The following was originally published on Gonzo Notes, my mailing list:
I grew up invested in the technocratic fantasy that the internet would turn into a perfect archive of all knowledge, always at our fingertips. Our mantra is often “the internet is forever,” and it’s easy to buy into this myth.
In the process, we sometimes forget the ephemeral nature of the digital world. If you’re online long enough, you’ve seen whole communities rise and fall. Places where we’d go to “hang out” for hours are now meaningless husks. Yes, it’s true you can technically find my LiveJournal if you look, but it’s no longer a place where minds gather to share ideas, stories, and silly memes.
When we say “the internet is forever,” we mean it in a forensic or archaeological sense. As online communities collapse, they leave little traces behind the way we leave behind fingerprints, and shed hair or skin cells as we move through the physical world. Researchers, such as antifascists on the trail, can sift through the rubble but the vitality departed long ago.
Letting go of a piece of our digital self is hard. Each time we shed a piece of ourselves, we leave behind memories we’d been storing in a digital medium, like losing photos in a fire or flood. (Realistically, how many of us who are downloading our Twitter archive actually have the technical know-how to do anything meaningful with it? I don’t …)
We also lose track of friends or entire groups of people, even folks we connected with every day. It’s an especially bitter pill to swallow for marginalized people, who spend years carving out their spaces only to see them fall to a Zerg rush of trolls.
I’m not someone who lets go of my digital tracks easily. My website has years of myself on it, through multiple careers. I resist deleting old stuff. So I’m sympathetic to folks who are still trying to hang onto the parts of Twitter we enjoyed. And even more sympathetic to those who depend on Twitter for a living; many of them are now worrying about their next paycheck.
I put four years of my life into the Ministry of Hemp website, turning it from a static infosite into a full-featured news portal. Then Google changed its algorithm. Overnight, our traffic collapsed and our business model went with it. We hung on for another year or two, but we were the walking dead. What’s left behind now is a shadow of its former self that’s been parasitized to sell garbage. It’s a zombie.
That’s where I see Twitter now. There are even little pockets of life, but the rot has set in. We can speculate about which will come first: will the infrastructure collapse before the site becomes completely unusable due to nazis? But either way, I know I can’t keep using birdsite forever in good conscience. Or in good mental health.
Most of us get online to connect with other people. Social media sites are useful to the extent they enable this, but they hurt us because we get caught up in our follower count and forget to transform those numbers into lasting human connections. Our digital communities are vulnerable, capable of being collapsed when the wrong billionaire buys out their foundations.

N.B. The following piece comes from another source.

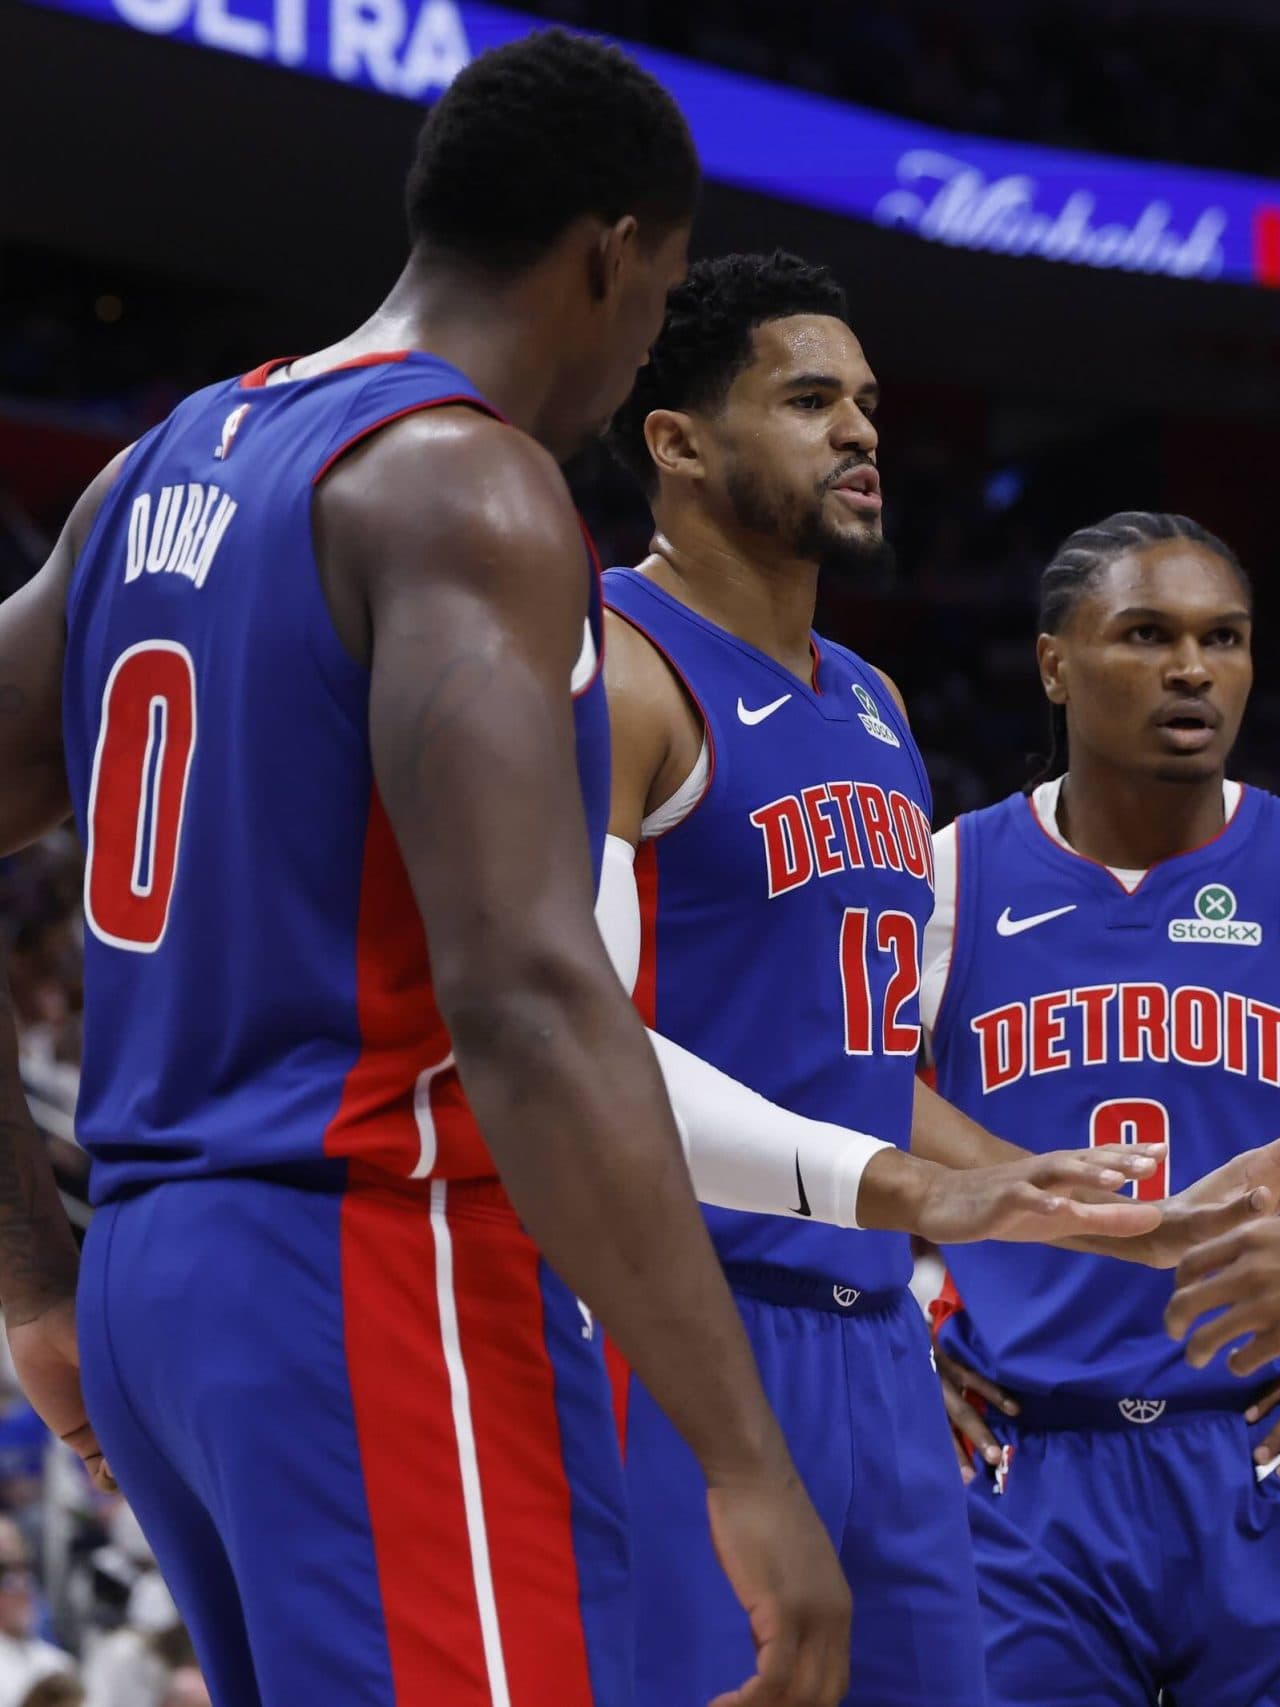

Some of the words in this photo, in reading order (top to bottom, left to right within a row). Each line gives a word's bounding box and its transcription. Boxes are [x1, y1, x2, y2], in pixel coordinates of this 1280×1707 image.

As we move on to new online spaces, let’s use them to form meaningful, lasting relationships. The kinds that strengthen human bonds and build solidarity and power among people. Online organizing is valid, don’t let anyone tell you otherwise, but we always need to be looking for opportunities to deepen those connections beyond a retweet. And we need to remember that nothing online lasts forever, and we always need to be prepared to move. But if we prepare in advance, we can carry our communities with us when we go.